The results serve as a stark reminder that traits associated with an autism-linked mutation reflect more than just that mutation, says senior investigator Pat Levitt, chair of developmental neurogenetics at Children’s Hospital Los Angeles in California. Differences in genetic background could also explain why some findings from autism model mice have failed to replicate across labs, he adds.
People with CHD8 mutations often have autism, intellectual disability, gastrointestinal issues and macrocephaly — larger-than-average head size — but not all of them have all of these traits. This variability may stem from interactions between the mutations and other variants across the genome, says study investigator Manal Tabbaa, a postdoctoral research fellow in Levitt’s lab.
The new work does not reveal how the same CHD8 mutation can affect different mice — or people — differently. But researchers could use the genetically diverse rodents to answer this question, and to better understand and model autism’s heterogeneity, Tabbaa and Levitt say.
“This is such a comprehensive approach to understand a really clinically relevant question, and it’s almost unbelievable that just three people could do this amount of work, considering how much it looks like was done,” says Joseph Gleeson, professor of neurosciences at the University of California, San Diego, who was not involved in the study. “They are just scratching the surface of what could be really fantastic future efforts.”

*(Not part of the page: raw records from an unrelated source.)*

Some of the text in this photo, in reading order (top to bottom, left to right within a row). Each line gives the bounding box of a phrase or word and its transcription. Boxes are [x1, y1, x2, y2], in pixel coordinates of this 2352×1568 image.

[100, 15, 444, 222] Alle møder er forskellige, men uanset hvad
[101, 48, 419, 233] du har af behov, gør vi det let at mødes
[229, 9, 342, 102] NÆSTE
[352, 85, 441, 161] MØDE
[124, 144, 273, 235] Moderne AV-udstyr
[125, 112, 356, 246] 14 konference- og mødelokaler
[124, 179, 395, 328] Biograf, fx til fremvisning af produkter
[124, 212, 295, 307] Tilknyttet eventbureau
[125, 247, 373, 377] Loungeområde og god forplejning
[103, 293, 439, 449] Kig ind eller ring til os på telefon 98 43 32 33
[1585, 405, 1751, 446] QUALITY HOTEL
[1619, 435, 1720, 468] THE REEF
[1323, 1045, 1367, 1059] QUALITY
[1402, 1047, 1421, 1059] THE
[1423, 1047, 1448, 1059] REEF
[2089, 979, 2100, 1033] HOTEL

When scientists model a mutation in mice, they tend to use an inbred strain, such as B6 mice, which are all essentially genetic clones of one another. Using inbred mice minimizes the chance that an animal’s traits are due to random genetic differences.

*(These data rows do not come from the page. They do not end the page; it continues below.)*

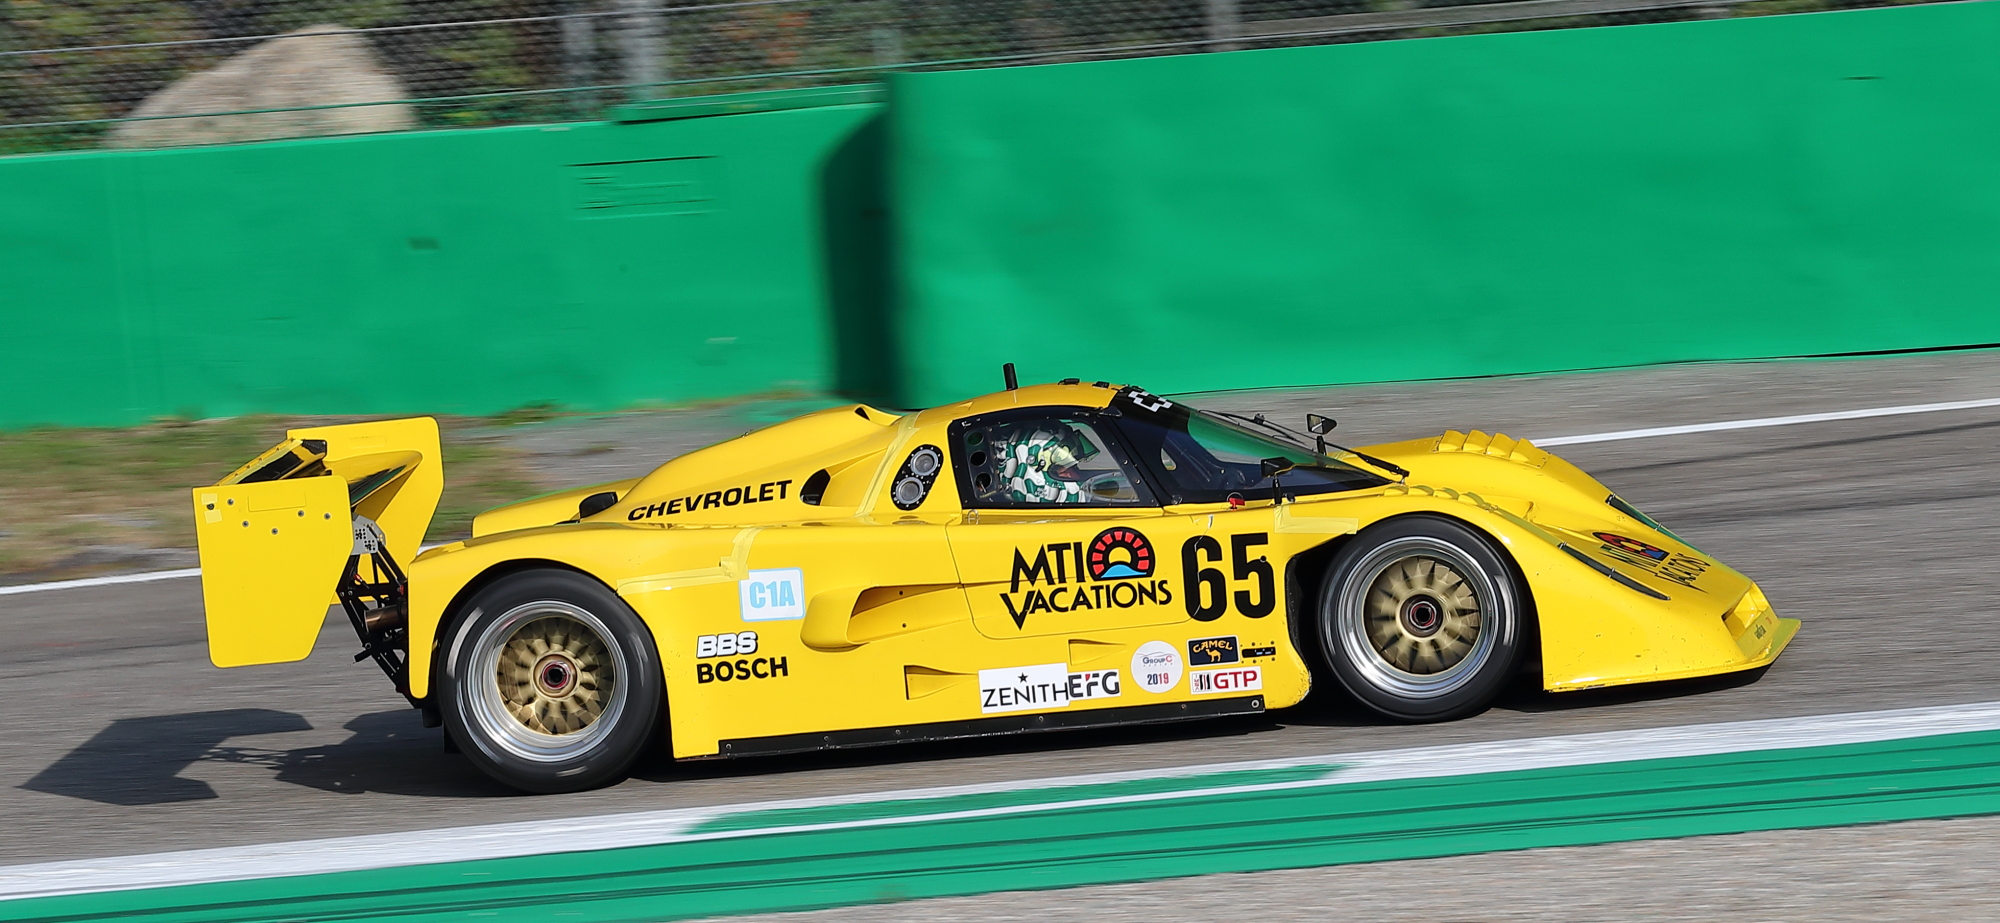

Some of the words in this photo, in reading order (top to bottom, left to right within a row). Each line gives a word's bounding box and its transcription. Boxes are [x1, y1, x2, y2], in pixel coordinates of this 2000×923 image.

[628, 480, 792, 521] CHEVROLET
[1010, 541, 1086, 593] MTI
[1181, 532, 1276, 622] 65
[749, 580, 796, 609] C1A
[1000, 579, 1172, 631] VACATIONS
[696, 631, 758, 658] BBS
[1192, 639, 1233, 653] CAMEL
[696, 656, 789, 684] BOSCH
[1147, 672, 1169, 685] 2019
[1213, 670, 1258, 690] GTP
[982, 681, 1070, 709] ZENITH
[1069, 671, 1120, 698] EFG
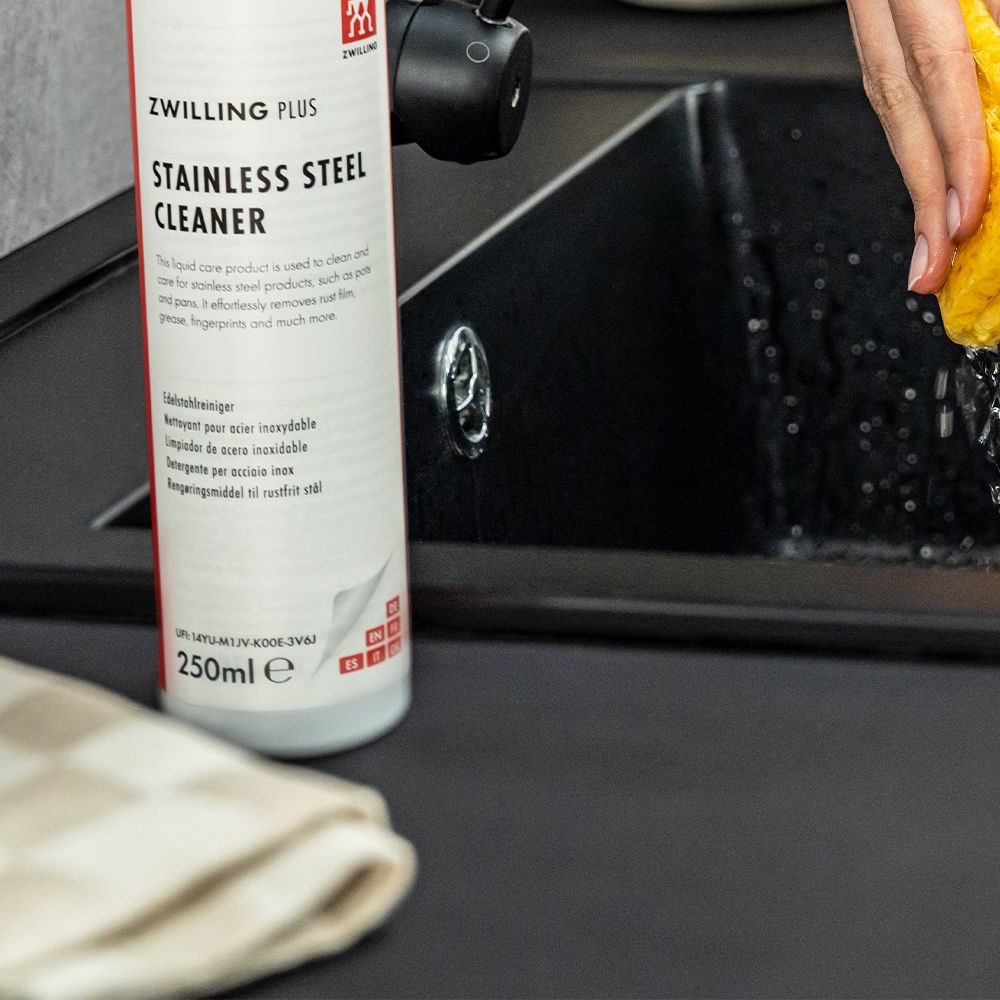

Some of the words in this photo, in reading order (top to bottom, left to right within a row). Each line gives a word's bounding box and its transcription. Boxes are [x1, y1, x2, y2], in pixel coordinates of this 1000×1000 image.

But the choice of mouse strain can influence how a mutation manifests, Levitt says. Researchers almost always use B6 mice, which “are among the least social, so if you’re trying to disrupt sociability, you’re already in the basement,” he adds.
Levitt and his colleagues mated female B6 mice that carry a deletion in one copy of CHD8 with 33 different strains of male mice, including 6 commonly used inbred strains and 27 more diverse ones from the Collaborative Cross (CC) — a collection of interbred inbred and wild strains. All the mice vary in physical traits and demeanors: The so-called CC10 strain, for instance, which the team affectionately referred to as “gentle giants,” has a large body and is docile enough to pet, whereas B6 and CC57 mice are more aggressive, often biting researchers when handled, Tabbaa says.

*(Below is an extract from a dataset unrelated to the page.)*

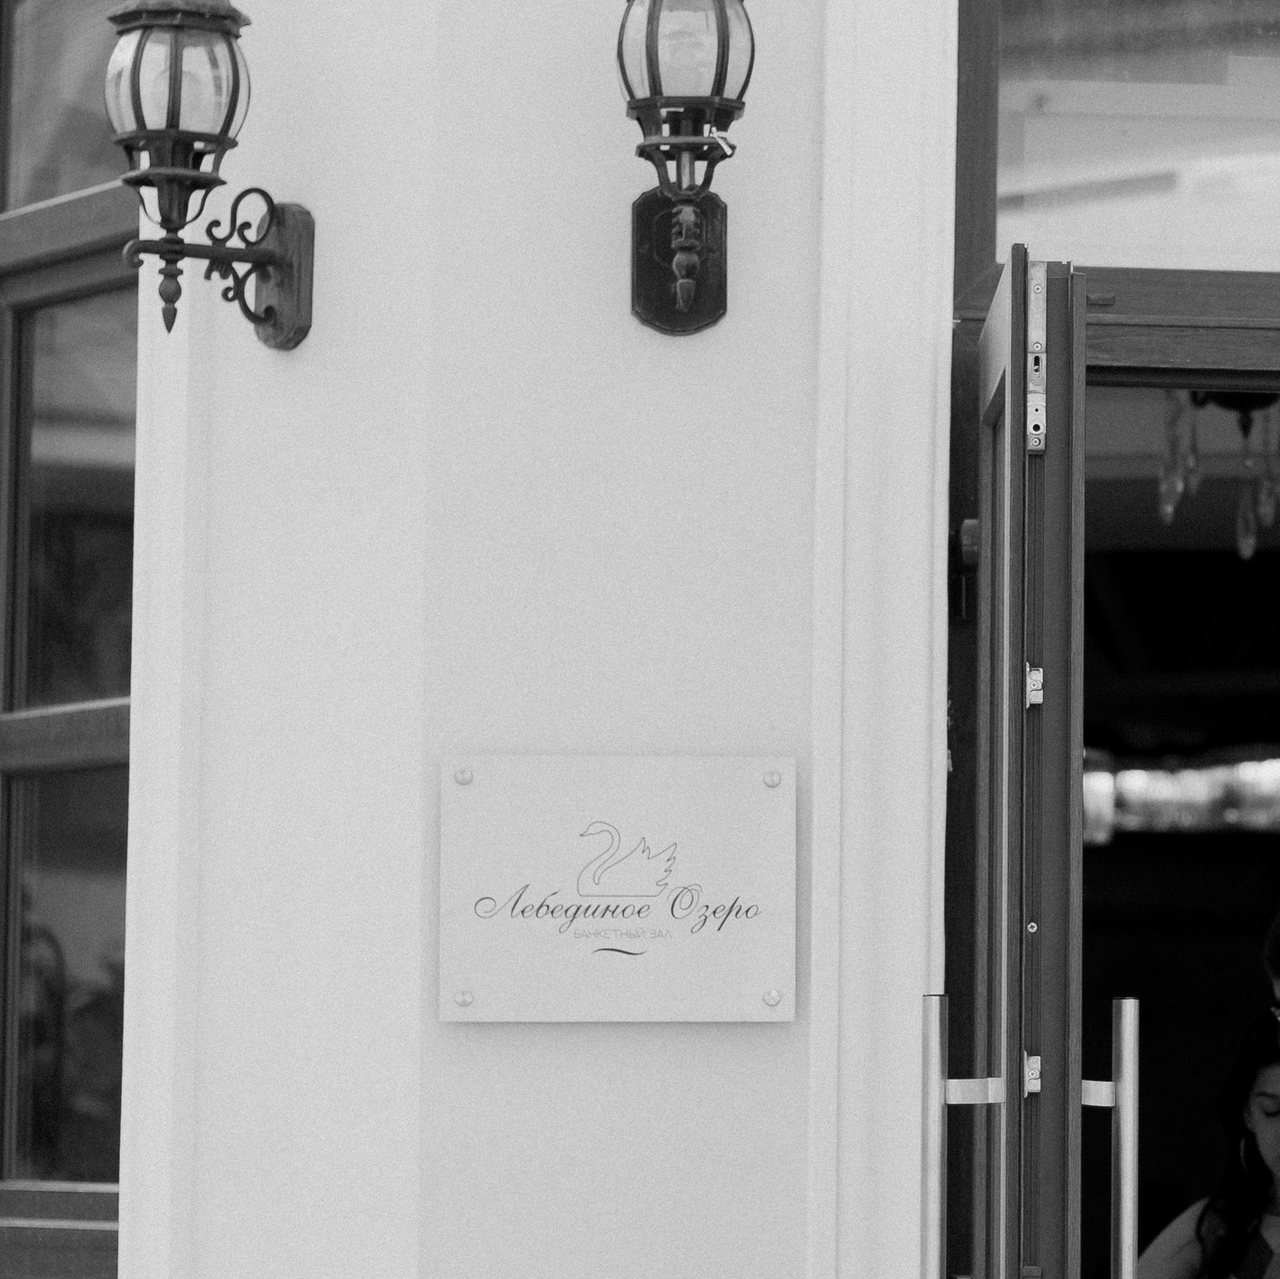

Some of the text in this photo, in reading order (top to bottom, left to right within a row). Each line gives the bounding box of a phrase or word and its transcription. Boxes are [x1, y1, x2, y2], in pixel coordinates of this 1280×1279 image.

[473, 883, 762, 934] Лебединое Озеро
[573, 927, 673, 940] БАНКЕТНЫЙ ЗАЛ

For each set of pups, Tabbaa and her colleagues tracked the physical traits of eight CHD8 and eight wildtype mice of each sex and put them through five behavioral assays.
Across the entire collection of more than 1,000 mice, CHD8 mice differed significantly from wildtype mice on almost every measure. The CHD8 mice had larger brains, on average, and tended to be more socially dominant when confronting another animal at the center of a narrow tube. Even though the researchers were blinded to the animals’ genotypes during these behavioral tests, the differences between the CHD8 mice and wildtype mice were clear, Tabbaa says, especially in the social dominance test.
But some strains were more susceptible to CHD8-related traits than others, Tabbaa says. Both male and female mice descended from CC2, CC28 and B6 fathers showed significant changes from wildtype mice in seven of the measured traits, whereas those with CC22 and CC40 fathers differed in only two or three.
These differences may model the complexity seen in people, Tabbaa says, in that some people are somewhat resilient to CHD8 mutations, whereas others are more severely affected.
She and her colleagues also saw differences between males and females of the same strain. For instance, the male CHD8 descendants of CC32 mice have larger-than-average brains and do not venture as far as wildtype mice in a test of anxiety-related exploration. Their female counterparts also show altered behavior on that test, but with a smaller effect size, and they don’t have macrocephaly.
“The degree of heterogeneity we saw was particularly surprising,” Tabbaa says. Complex traits are the product of multiple genes, so using just one mouse strain to investigate the effects of a single gene mutation on behavior is like just studying it in one person, Tabbaa says. “For things like behavior, genetic background is everything.”
The findings could help explain why CHD8 studies in mice have yielded inconsistent results, says Mark Zylka, professor of cell biology and physiology at the University of North Carolina at Chapel Hill, who was not involved in the study. He has long been concerned that this inconsistency could lead researchers to wrongly reject mouse models of autism genes, he says. “That’s why this is a really important study.”
These results also raise a major question, Zylka says: Will each of these mouse strains show the same patterns of sensitivity and resilience to other autism-linked mutations? If not, he says, researchers will need to conduct similar studies on large panels of mouse strains for each major autism gene.
That is exactly what Levitt and Tabbaa say they hope others will do, now that they have put the template out there — but perhaps working as a consortium. “No individual laboratory is going to be as crazy as we are,” Levitt says.
The new results open the door to investigations into exactly how genetic background interacts with high-confidence autism genetic variants. To follow up on this work, Tabbaa is developing an independent research program — as she transitions from postdoc to faculty — to investigate the neurobiology underlying sensitivity and resilience to CHD8 mutations among different mouse strains.
Cite this article: https://doi.org/10.53053/QELS7312